Data excerpts
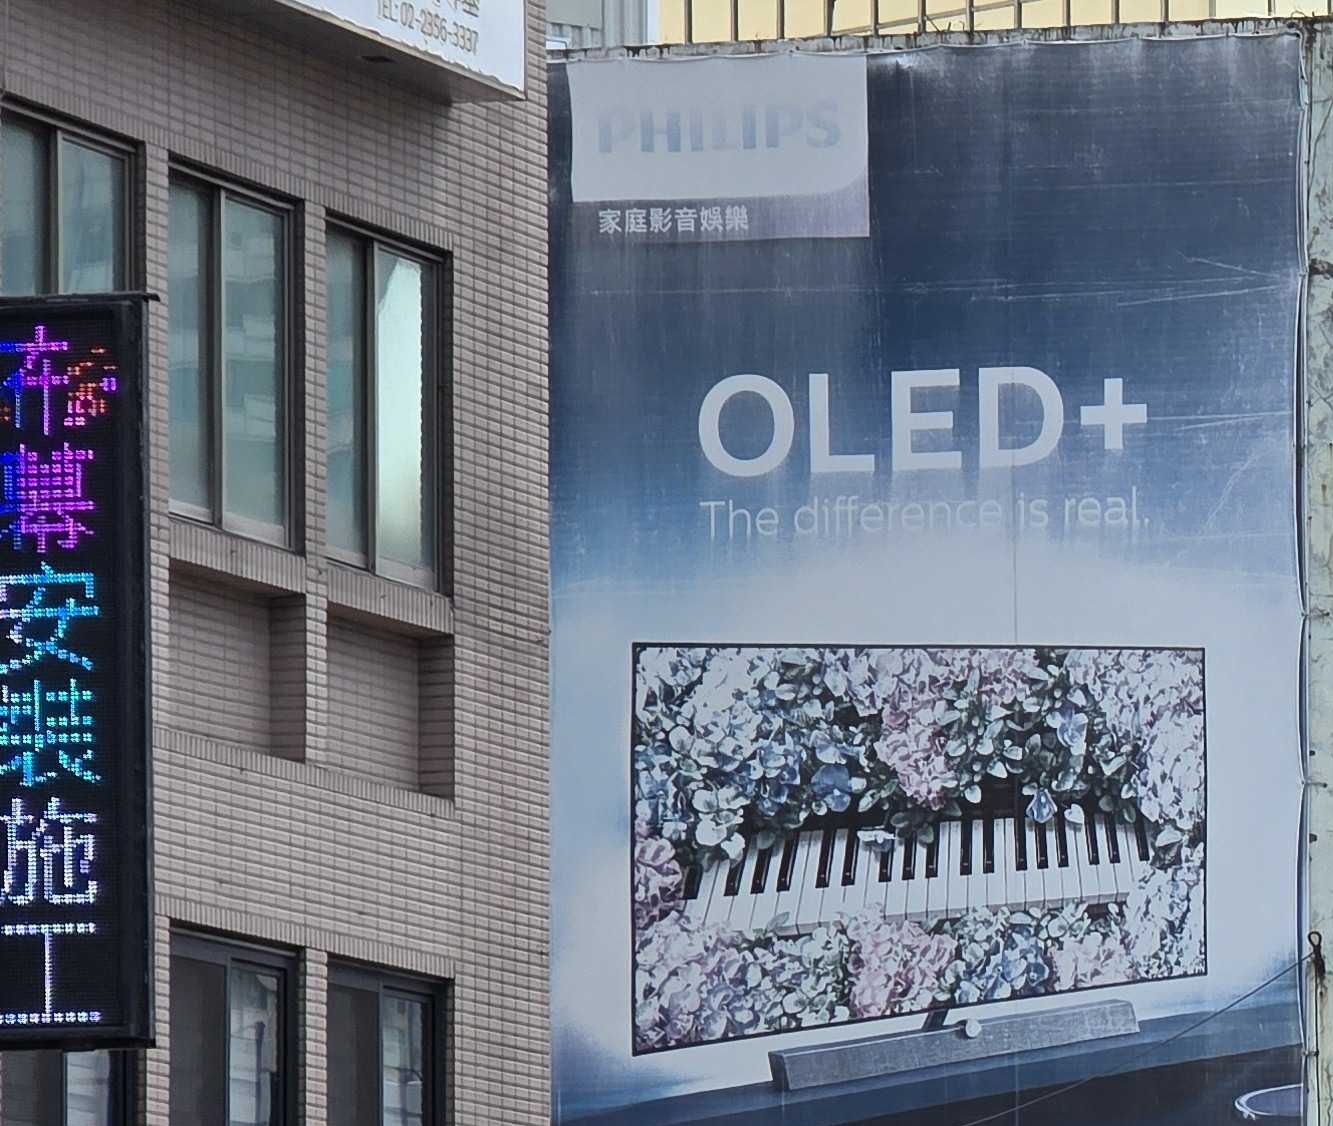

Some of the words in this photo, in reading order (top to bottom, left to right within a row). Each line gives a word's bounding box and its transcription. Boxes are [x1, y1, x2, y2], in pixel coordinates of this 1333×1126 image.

[598, 206, 749, 234] 家庭影音娛樂
[699, 366, 1148, 477] OLED+
[699, 501, 778, 541] The
[794, 496, 1000, 537] difference
[1017, 491, 1048, 530] is
[1064, 486, 1150, 530] real.
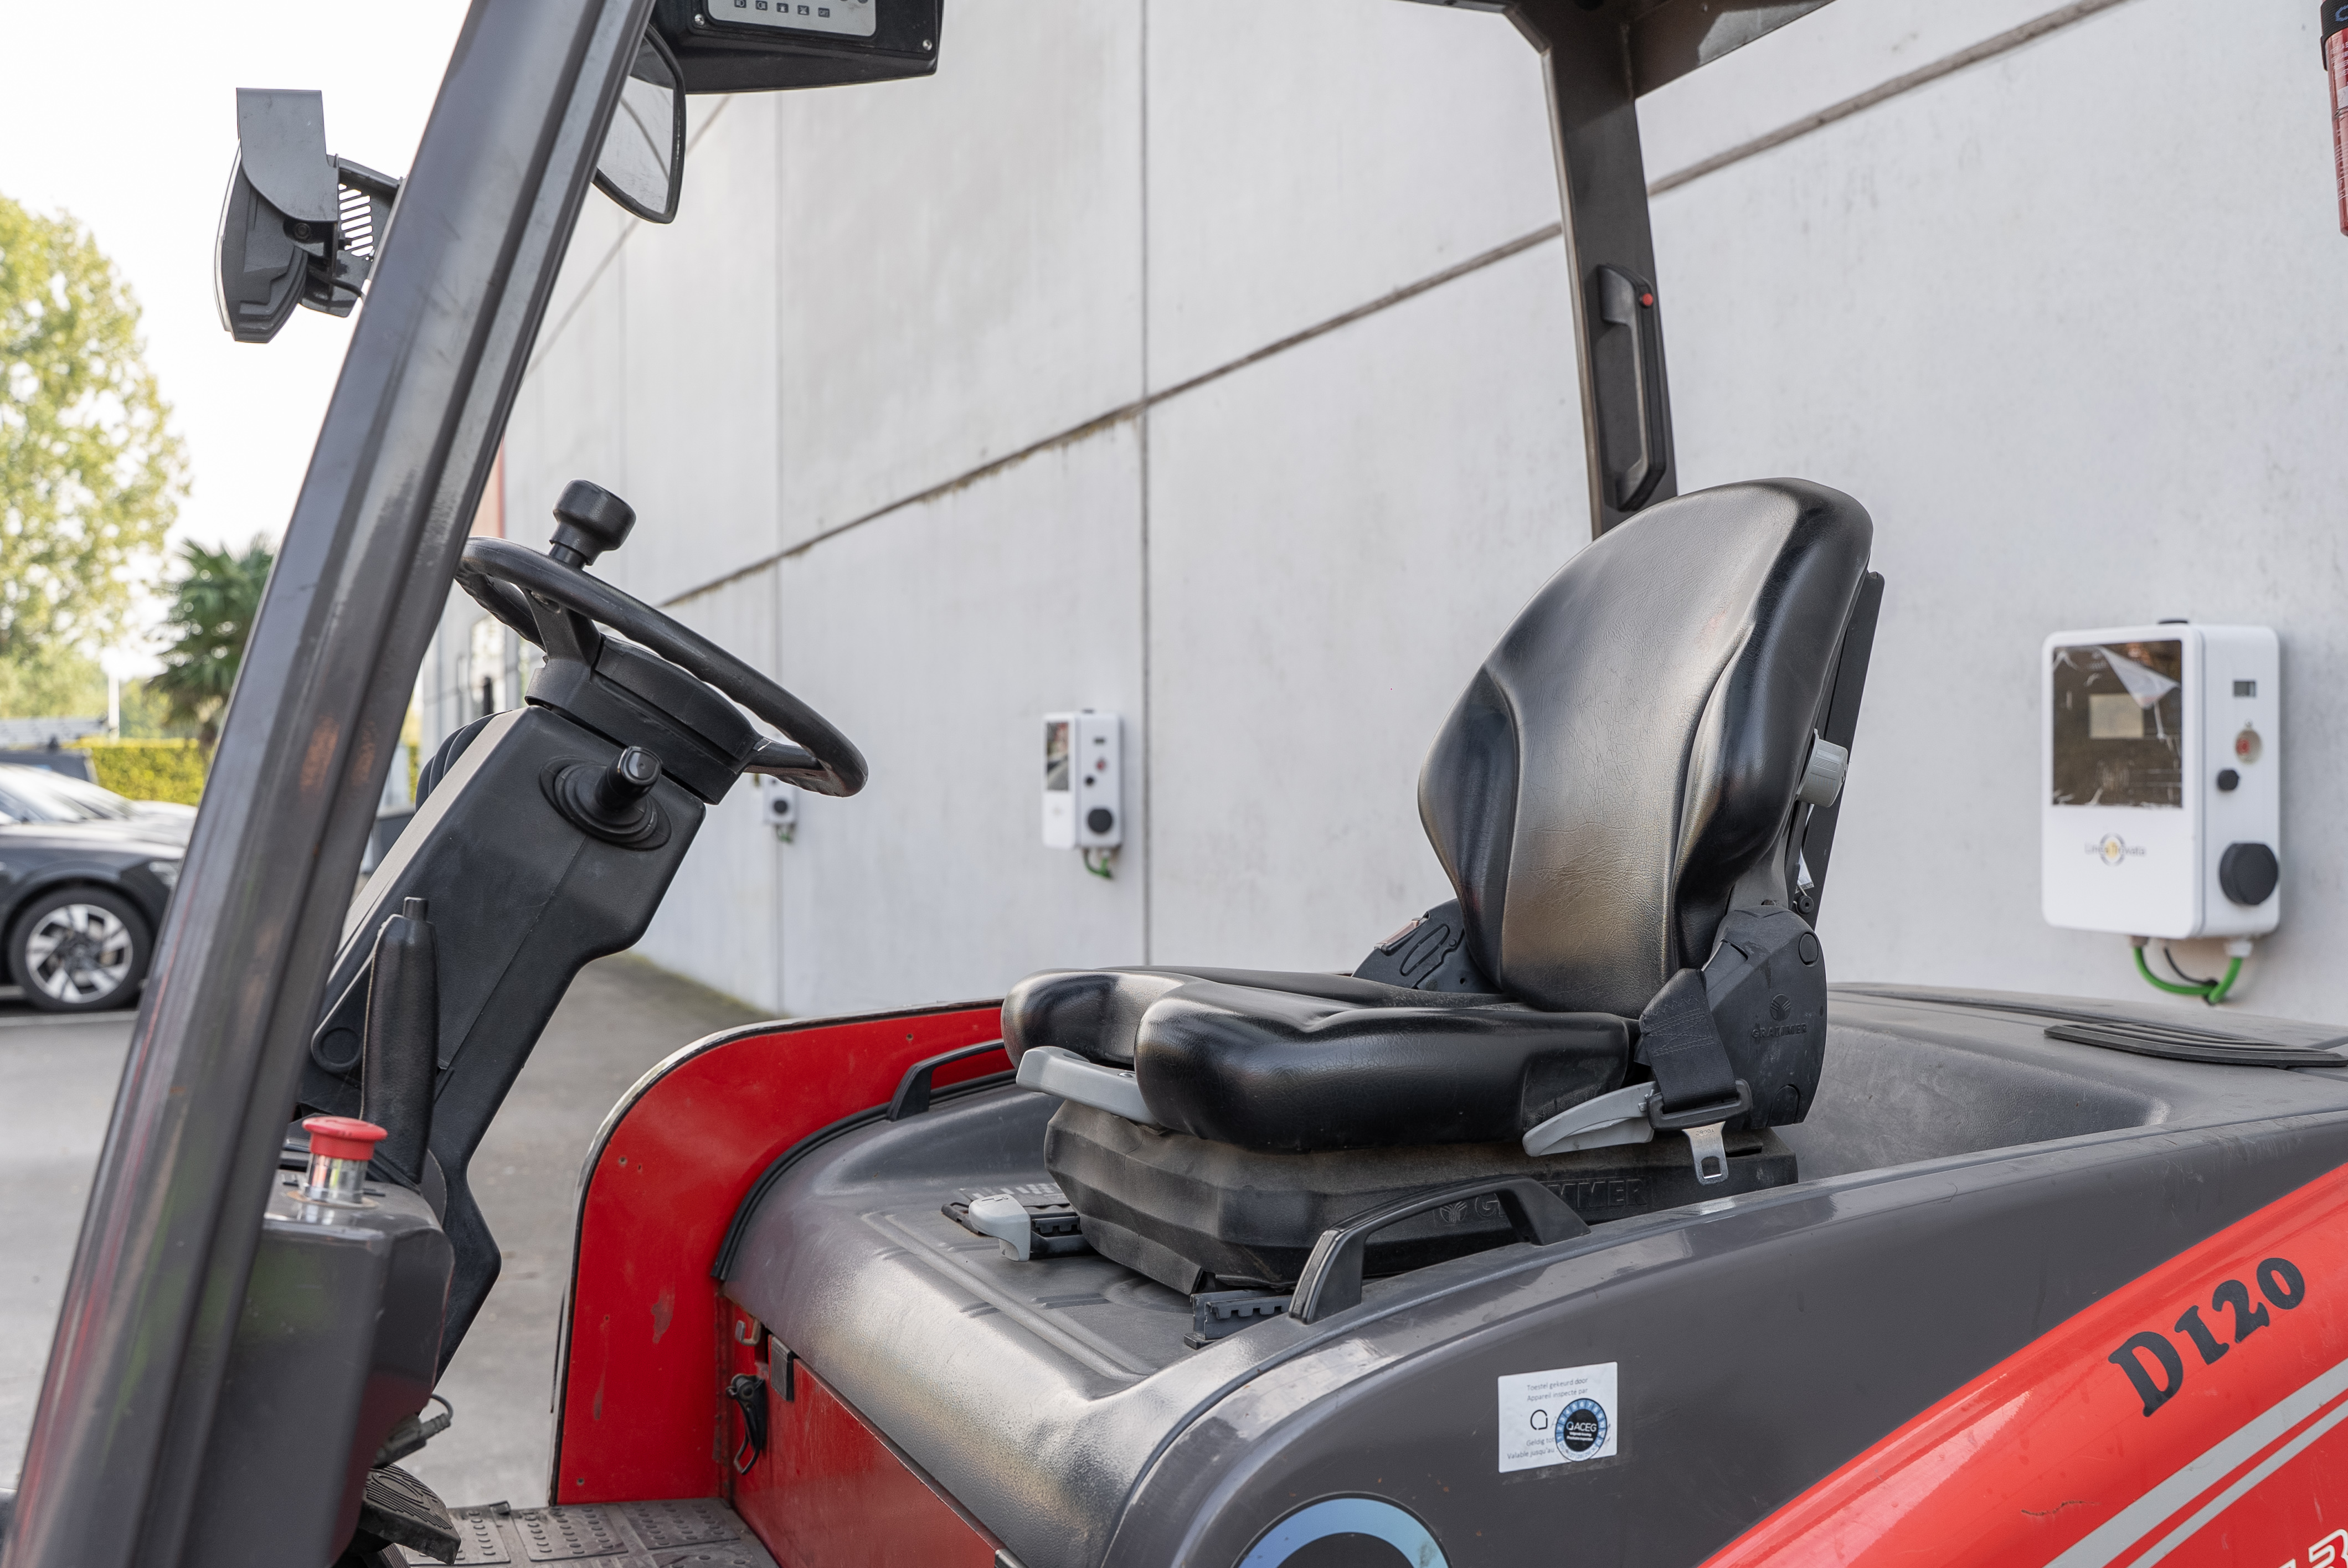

TASK REQUIREMENTS:
Could you restate every record above word for word, dropping the pictures?

YOUR RESPONSE:
Some of the words in this photo, in reading order (top to bottom, left to right within a row). Each line gives a word's bounding box and its transcription. Boxes are [x1, y1, x2, y2], in pixel coordinates of this 1333×1126 image.

[598, 206, 749, 234] 家庭影音娛樂
[699, 366, 1148, 477] OLED+
[699, 501, 778, 541] The
[794, 496, 1000, 537] difference
[1017, 491, 1048, 530] is
[1064, 486, 1150, 530] real.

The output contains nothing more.